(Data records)
"""

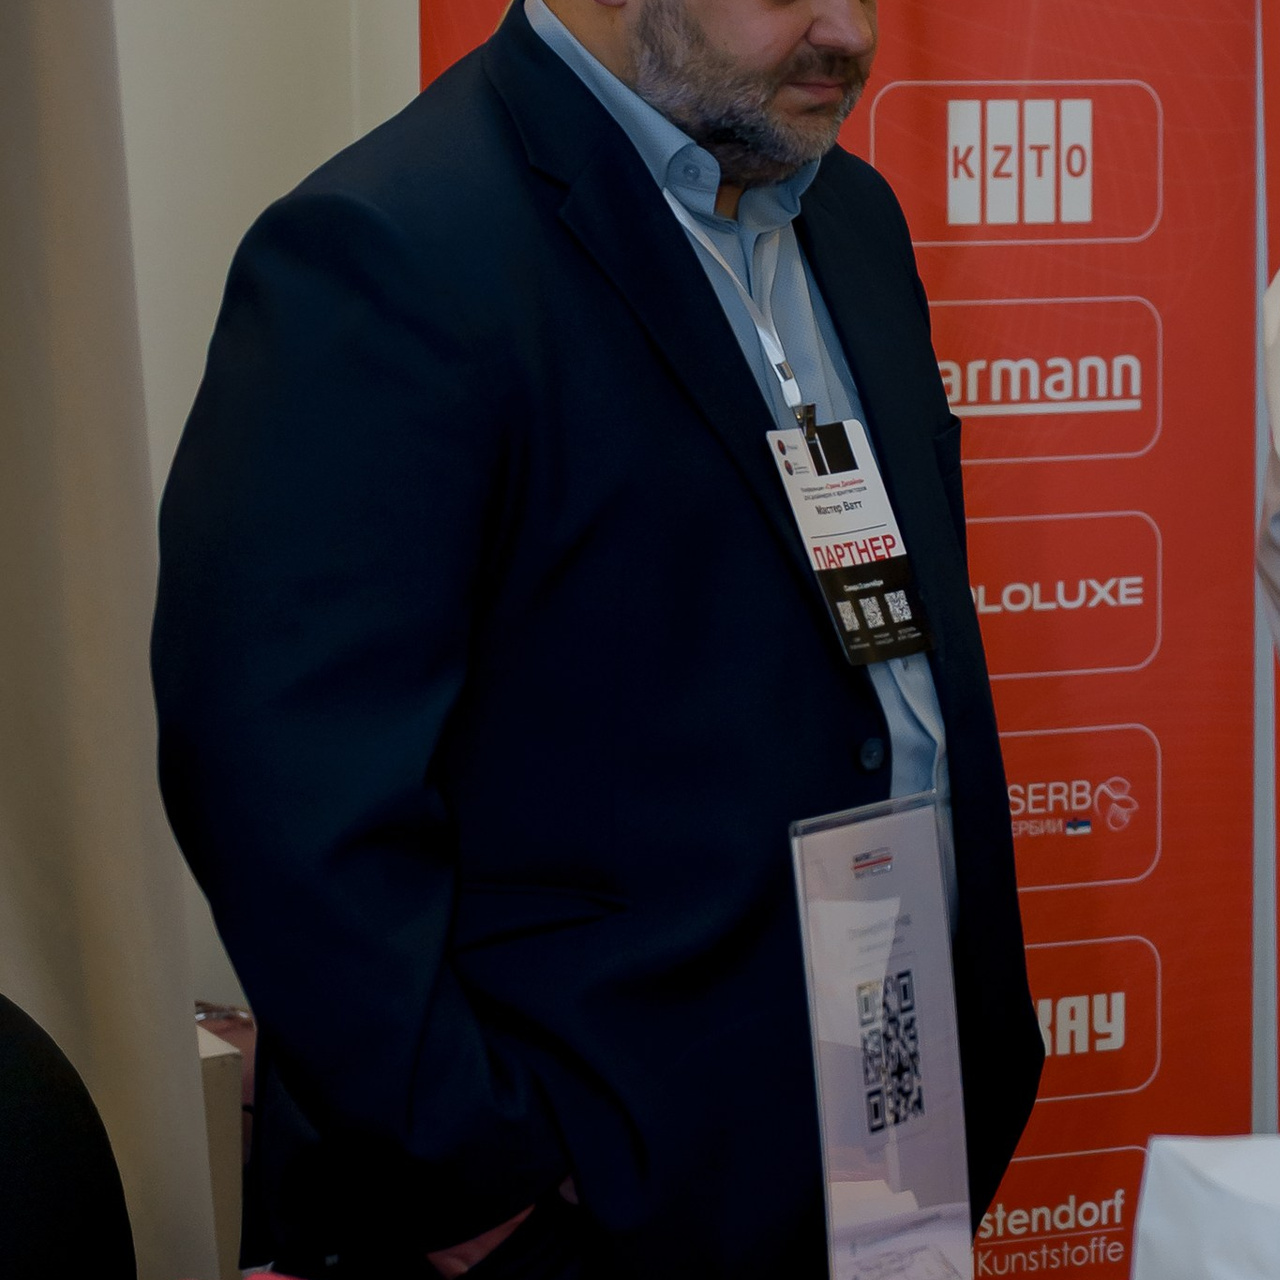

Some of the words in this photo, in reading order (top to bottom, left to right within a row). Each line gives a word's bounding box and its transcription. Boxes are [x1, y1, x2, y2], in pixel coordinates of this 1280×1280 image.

[952, 143, 1087, 181] KZTO
[812, 534, 896, 570] ПАРТНЕР
[970, 576, 1144, 614] LOLUXE
[976, 1236, 1126, 1278] Kunststoffe
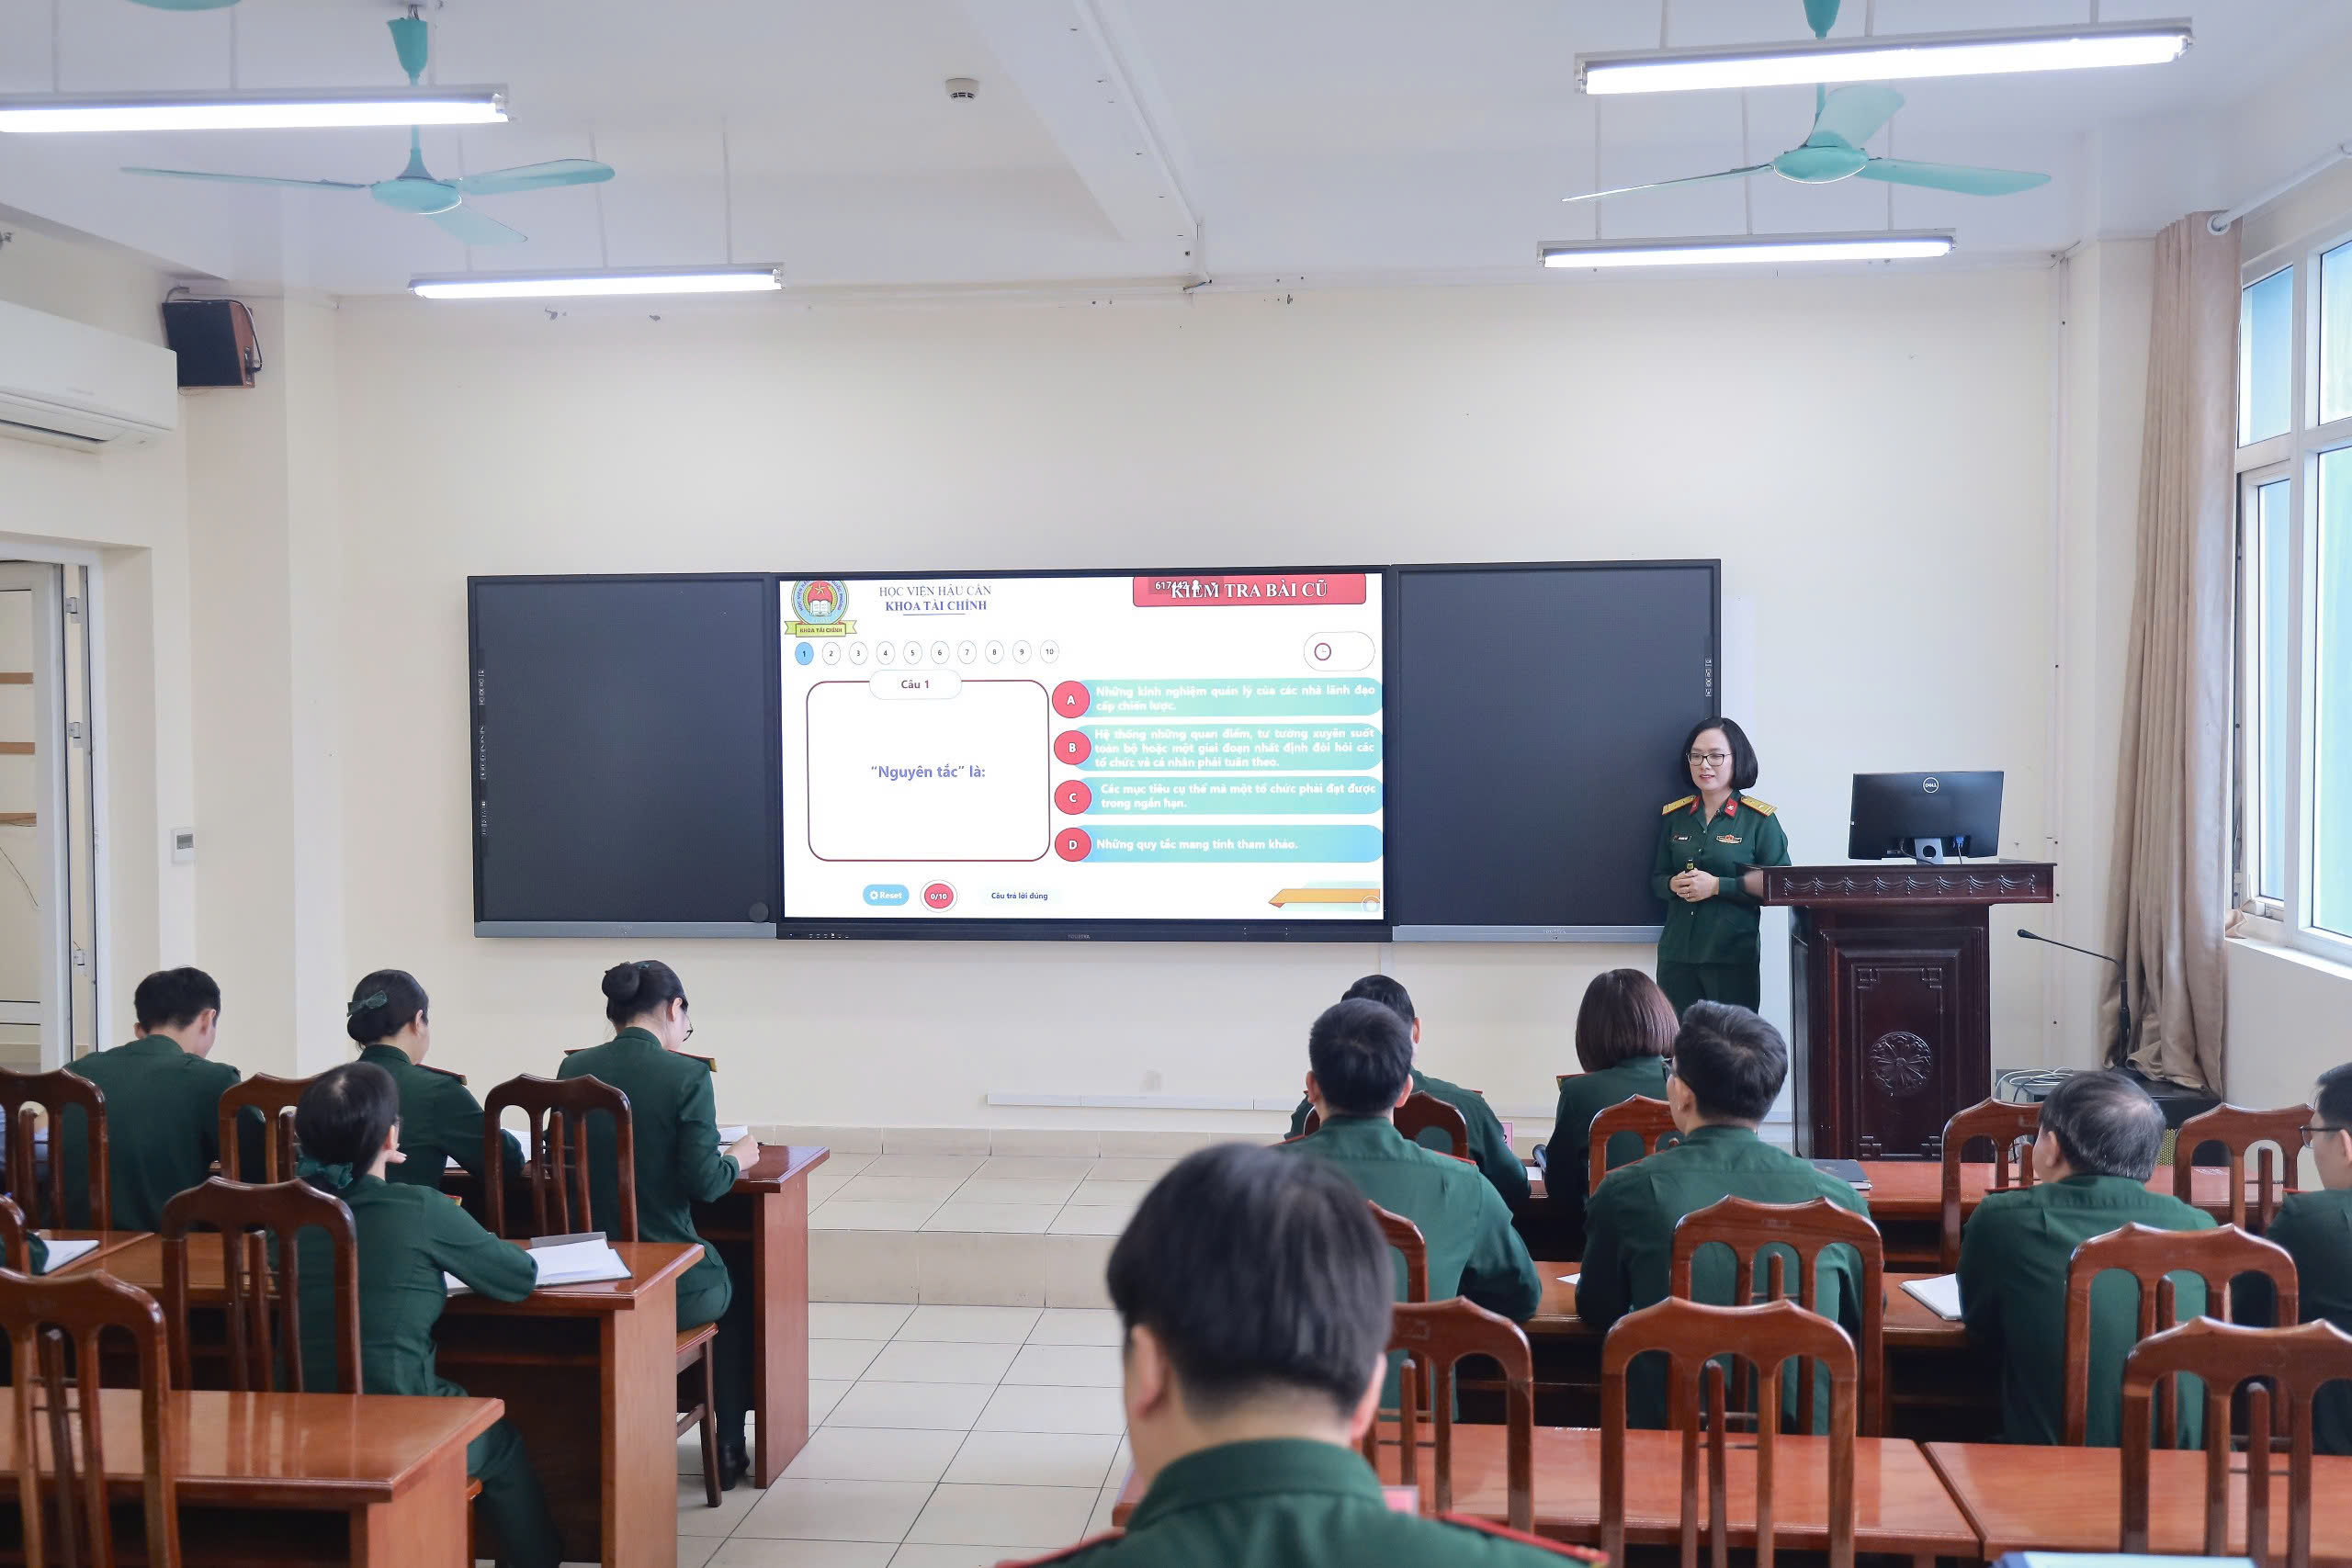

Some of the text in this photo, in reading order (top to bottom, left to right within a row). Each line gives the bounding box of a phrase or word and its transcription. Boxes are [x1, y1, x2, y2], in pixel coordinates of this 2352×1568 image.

[879, 586, 903, 597] HỌC
[907, 585, 933, 598] VIỆN
[937, 584, 965, 597] HẬU
[1224, 581, 1261, 598] TRA
[1266, 579, 1296, 596] BÀI
[1302, 579, 1328, 596] CŨ
[886, 600, 987, 611] KHOA TÀI CHÍNH
[901, 679, 930, 689] Câu 1
[1096, 686, 1133, 698] Những
[1137, 686, 1161, 696] kinh
[1166, 686, 1206, 698] nghiệm
[1242, 685, 1251, 698] lý
[1280, 685, 1297, 695] các
[1327, 685, 1350, 694] lãnh
[1354, 684, 1374, 696] đạo
[1067, 695, 1075, 705] A
[1095, 729, 1110, 740] Hệ
[1151, 729, 1186, 741] những
[1191, 730, 1217, 740] quan
[1258, 729, 1270, 738] tư
[1313, 728, 1345, 740] xuyên
[1069, 743, 1076, 752] B
[1124, 743, 1137, 754] bộ
[1172, 744, 1193, 754] một
[1198, 743, 1218, 754] giai
[1223, 742, 1250, 754] đoạn
[1283, 742, 1308, 754] định
[1357, 742, 1374, 751] các
[1110, 757, 1135, 767] chức
[1169, 757, 1194, 767] nhân
[1252, 757, 1279, 767] theo.
[871, 764, 986, 781] “Nguyên tắc” là:
[1101, 784, 1120, 794] Các
[1124, 785, 1146, 795] mục
[1149, 784, 1170, 794] tiêu
[1173, 785, 1185, 795] cụ
[1230, 784, 1252, 795] một
[1270, 784, 1295, 794] chức
[1327, 784, 1344, 795] đạt
[1348, 784, 1376, 795] được
[1069, 793, 1077, 802] C
[1102, 799, 1131, 810] trong
[1164, 797, 1187, 808] hạn.
[1069, 840, 1077, 850] D
[1097, 839, 1134, 851] Những
[1136, 840, 1157, 852] quy
[1180, 840, 1209, 852] mang
[1213, 839, 1234, 849] tính
[1238, 839, 1265, 849] tham
[1029, 892, 1048, 901] đúng

"""

> **What to do**
Output the records exactly, please. The pictures are not part of the copy.

> **Task response**
Some of the words in this photo, in reading order (top to bottom, left to right within a row). Each line gives a word's bounding box and its transcription. Boxes are [x1, y1, x2, y2], in pixel coordinates of this 1280×1280 image.

[952, 143, 1087, 181] KZTO
[812, 534, 896, 570] ПАРТНЕР
[970, 576, 1144, 614] LOLUXE
[976, 1236, 1126, 1278] Kunststoffe

Some of the text in this photo, in reading order (top to bottom, left to right within a row). Each line gives the bounding box of a phrase or word and its transcription. Boxes are [x1, y1, x2, y2], in pixel coordinates of this 2352×1568 image.

[879, 586, 903, 597] HỌC
[907, 585, 933, 598] VIỆN
[937, 584, 965, 597] HẬU
[1224, 581, 1261, 598] TRA
[1266, 579, 1296, 596] BÀI
[1302, 579, 1328, 596] CŨ
[886, 600, 987, 611] KHOA TÀI CHÍNH
[901, 679, 930, 689] Câu 1
[1096, 686, 1133, 698] Những
[1137, 686, 1161, 696] kinh
[1166, 686, 1206, 698] nghiệm
[1242, 685, 1251, 698] lý
[1280, 685, 1297, 695] các
[1327, 685, 1350, 694] lãnh
[1354, 684, 1374, 696] đạo
[1067, 695, 1075, 705] A
[1095, 729, 1110, 740] Hệ
[1151, 729, 1186, 741] những
[1191, 730, 1217, 740] quan
[1258, 729, 1270, 738] tư
[1313, 728, 1345, 740] xuyên
[1069, 743, 1076, 752] B
[1124, 743, 1137, 754] bộ
[1172, 744, 1193, 754] một
[1198, 743, 1218, 754] giai
[1223, 742, 1250, 754] đoạn
[1283, 742, 1308, 754] định
[1357, 742, 1374, 751] các
[1110, 757, 1135, 767] chức
[1169, 757, 1194, 767] nhân
[1252, 757, 1279, 767] theo.
[871, 764, 986, 781] “Nguyên tắc” là:
[1101, 784, 1120, 794] Các
[1124, 785, 1146, 795] mục
[1149, 784, 1170, 794] tiêu
[1173, 785, 1185, 795] cụ
[1230, 784, 1252, 795] một
[1270, 784, 1295, 794] chức
[1327, 784, 1344, 795] đạt
[1348, 784, 1376, 795] được
[1069, 793, 1077, 802] C
[1102, 799, 1131, 810] trong
[1164, 797, 1187, 808] hạn.
[1069, 840, 1077, 850] D
[1097, 839, 1134, 851] Những
[1136, 840, 1157, 852] quy
[1180, 840, 1209, 852] mang
[1213, 839, 1234, 849] tính
[1238, 839, 1265, 849] tham
[1029, 892, 1048, 901] đúng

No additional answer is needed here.